Re: HeathField Strange Ideas!
- From: roberson@xxxxxxxxxxxxxxxxxx (Walter Roberson)
- Date: Sun, 2 Sep 2007 18:39:31 +0000 (UTC)
In article <Jnpx7w.GJD@xxxxxx>, *** T. Winter <***.Winter@xxxxxx> wrote:
In article <u5edncFI5dpEvkTbnZ2dnUVZ8t-nnZ2d@xxxxxx> "Malcolm McLean" <regniztar@xxxxxxxxxxxxxx> writes:
I can be made topical. "How should we go about writing a portable C console
interface?"
This has a lot of undefined things in it. As I read it, I understand an
interface that can be included in a program so to interface with the
console where the user is currently touching the keys. To that the
answer is: it can only be done if the application is running on the
same computer that connects to the computer, and even then it is not
necessarily possible.
I'll add a little to the confusion -- and where there is confusion,
there is unlikely to be portability ;-)
On the great majority of modern desktop/laptop computers (and even of
those 15-ish years old), the keyboard does not emit a stream of
characters: instead it emits a stream of events, such as
"Left-shift pressed", "key #58 pressed", "key #58 pressed",
"left-shift released". Traditionally, if you are -directly- using
MS Windows, or a system with X Windows, a standardized version of those
events can be made available to the GUI (e.g., the GUI might receive
an encoding of "Keypad +" instead of "key #58"); even the raw events
are often available if you dig deep enough with those window systems.
And with X at least, the events can even be made available to remote
systems.
But there is no industry-standard method for programs to receive
these keyboard (or mouse) events; X is an official standard, used
by quite a number of systems, and MS Windows is a de-facto standard,
probably used by even more systems (in terms of sales, not in
terms of diversity), and they are not compatible: a program written
to interface to an X system would use very different calls than a
program written to interface to MS Windows. "Shims", to allow a
program coded for one event schema to be used with another, are
pretty uncommon too; certainly products such as Hummingbird's eXceed
exist, but that is a complete implementations of X, graphics and
all, not just a library or DLL that one can link against and gain
compatability cheaply.
What the C standard deals with is *character streams* (or byte
streams, if one is working in binary). Character streams are
the fully decoded output of keyboard events, with information
about modifiers and key presses and releases transformed into
ASCII or ISO 8859-1 or UTF-8 or Windows-1292 or the like.
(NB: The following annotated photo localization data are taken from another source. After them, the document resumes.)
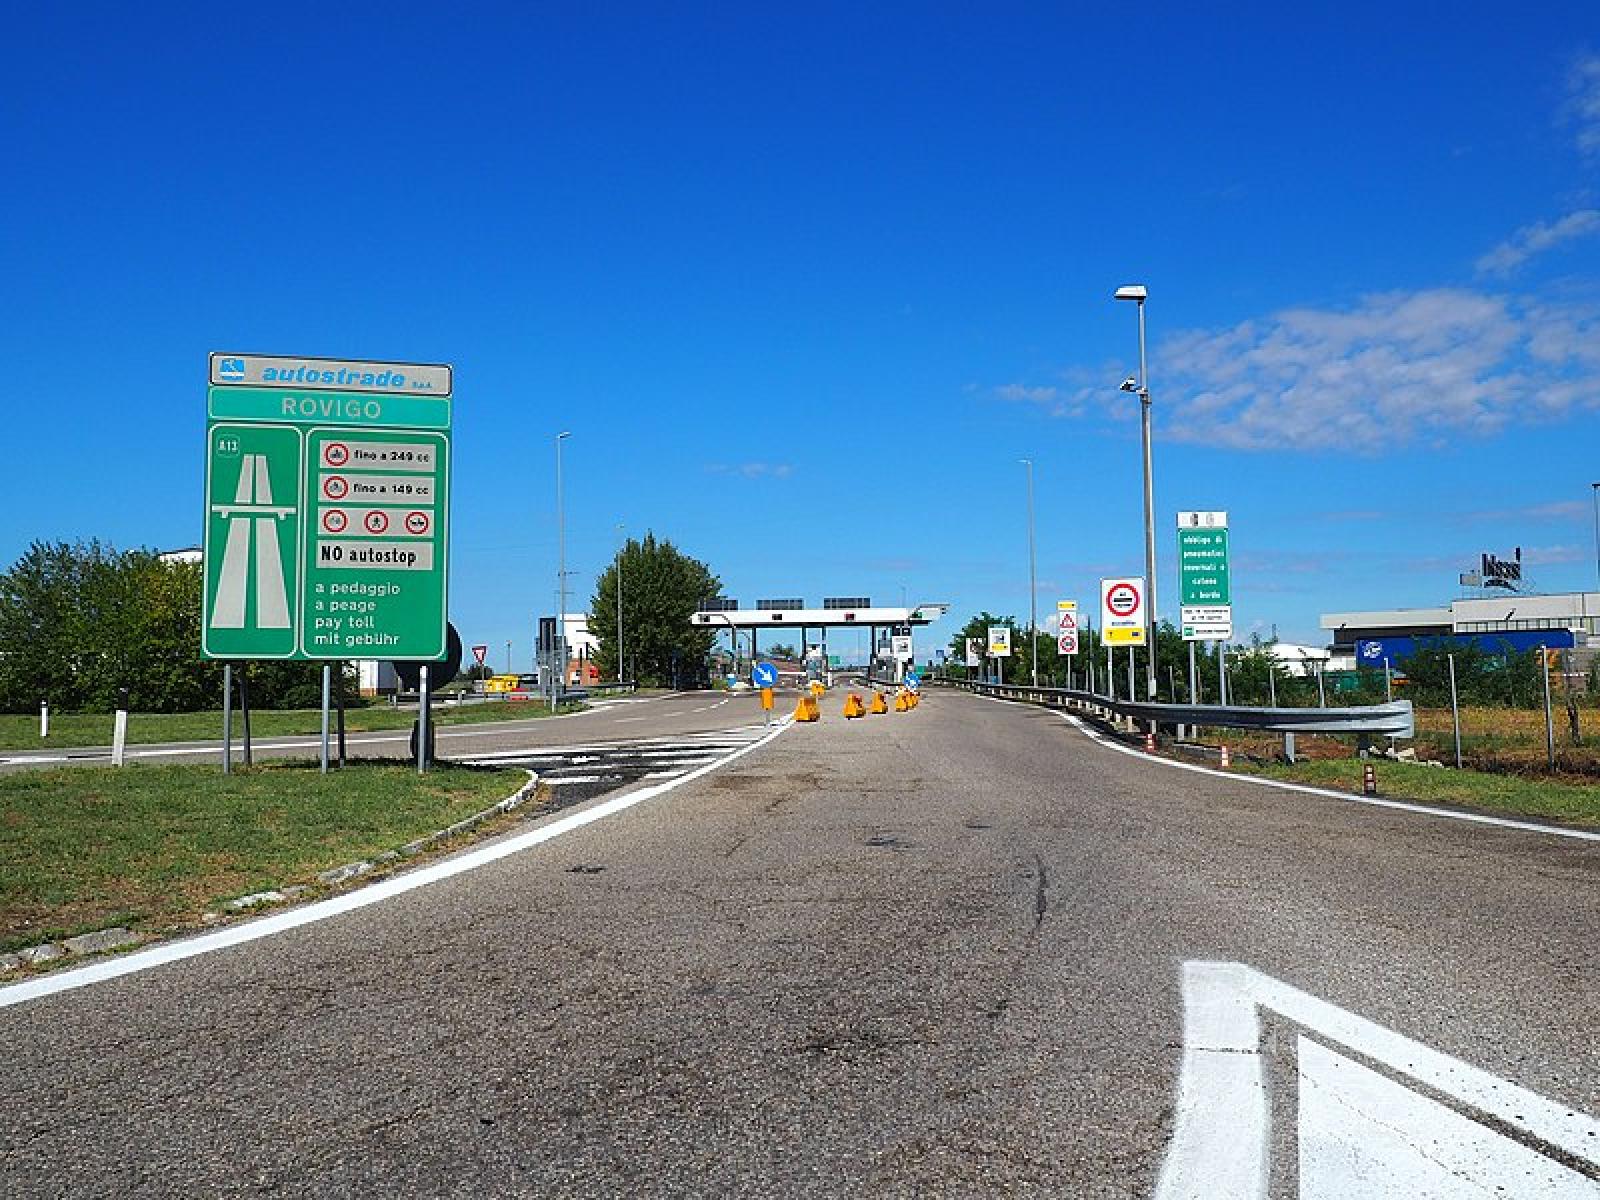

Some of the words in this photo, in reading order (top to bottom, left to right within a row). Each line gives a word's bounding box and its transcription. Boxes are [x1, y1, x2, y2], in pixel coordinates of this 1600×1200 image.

[262, 365, 406, 387] autostrade
[281, 397, 381, 419] ROVIGO
[219, 439, 237, 452] A13
[353, 449, 377, 460] fino
[390, 451, 413, 461] 249
[416, 454, 430, 462] cc
[353, 483, 377, 493] fino
[379, 485, 387, 493] a
[392, 483, 413, 494] 149
[415, 487, 429, 495] cc
[321, 545, 343, 561] NO
[349, 547, 417, 567] autostop
[315, 583, 325, 593] a
[329, 581, 401, 597] pedaggio
[315, 617, 343, 630] pay
[349, 615, 375, 629] toll
[314, 632, 340, 645] mit
[345, 633, 401, 648] gebühr
There *are* standardized ways of handling many character-related
tasks (though tranforming between character sets could apparently
use some improvement at the C standard level), and there *are*
standardized ways of transmitting characters to remote systems,
or to virtualized systems.
Now, as events are what systems actually receive from keyboards,
it would be possible, in theory, to design an industry standard
(or at least "recognized" if not quite standardized) schema for
transmitting keyboard events between systems. Any such schema would,
of necessity, have to be flexible, to be able to gracefully
handle keyboards that lack certain capabilities (e.g., perhaps
the keyboard only emits key-up events and not key-down events
as well); the schema would also have to encompass systems that
deal strictly with fully-decoded character streams.
All this to address ***'s note that,
it can only be done if the application is running on the
same computer that connects to the computer
That is, my counter-argument is that it -can- (many times) be done
if the application is running on a -different- computer than the
keyboard is connected to; it is routinely done for X.
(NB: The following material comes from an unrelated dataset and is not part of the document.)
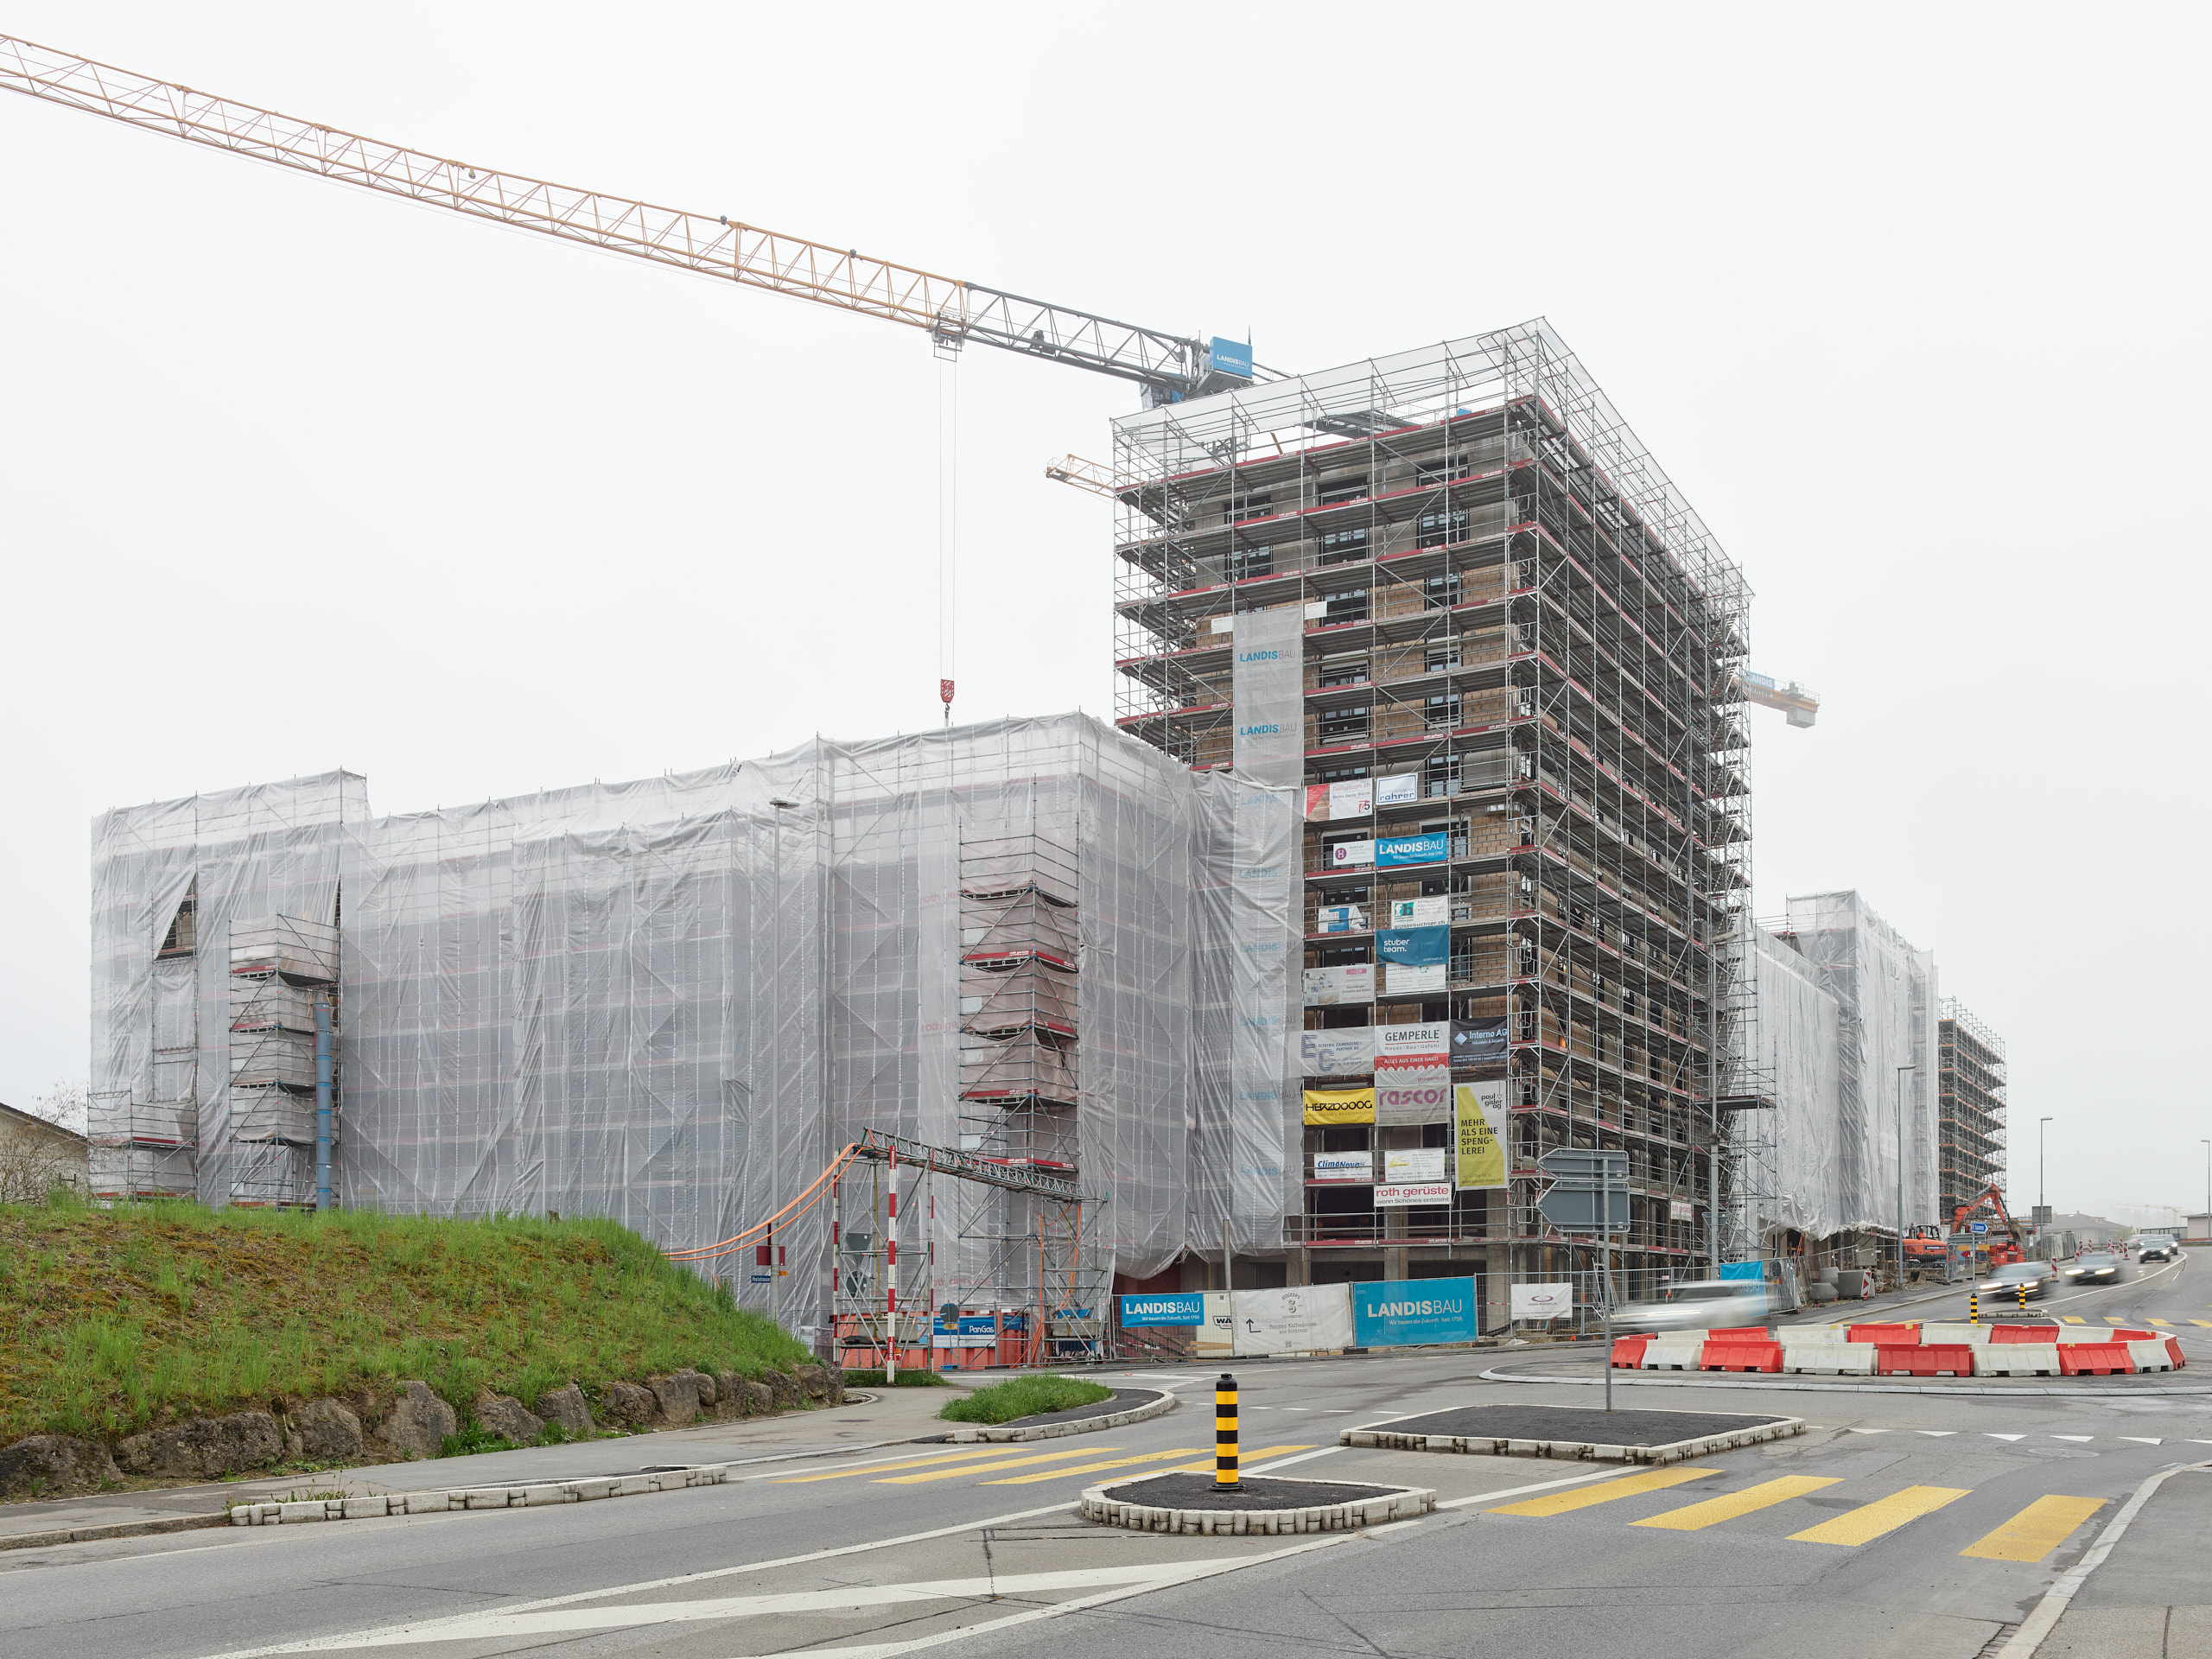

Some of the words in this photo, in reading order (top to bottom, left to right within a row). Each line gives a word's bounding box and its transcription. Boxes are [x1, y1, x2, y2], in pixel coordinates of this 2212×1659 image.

But, to emphasize for clarity: any schema that were developed
for dealing with (possibly-remote) keyboard events should *not*
(IMHO), be part of the C standard. Yes, it would be nice for
users of such a schema to be able to count on it being in place, but
on the other hand, I believe it would be too much of a burden upon
systems that cannot or should not use such a facility. And it
might start getting into issues such as key press timing;
pretty much anything to do with precision timing is outside the
realm of what C itself handles.
--
If you lie to the compiler, it will get its revenge. -- Henry Spencer
.
- References:
- Re: HeathField Strange Ideas!
- From: Ernie Wright
- Re: HeathField Strange Ideas!
- From: Malcolm McLean
- Re: HeathField Strange Ideas!
- From: *** T. Winter
- Re: HeathField Strange Ideas!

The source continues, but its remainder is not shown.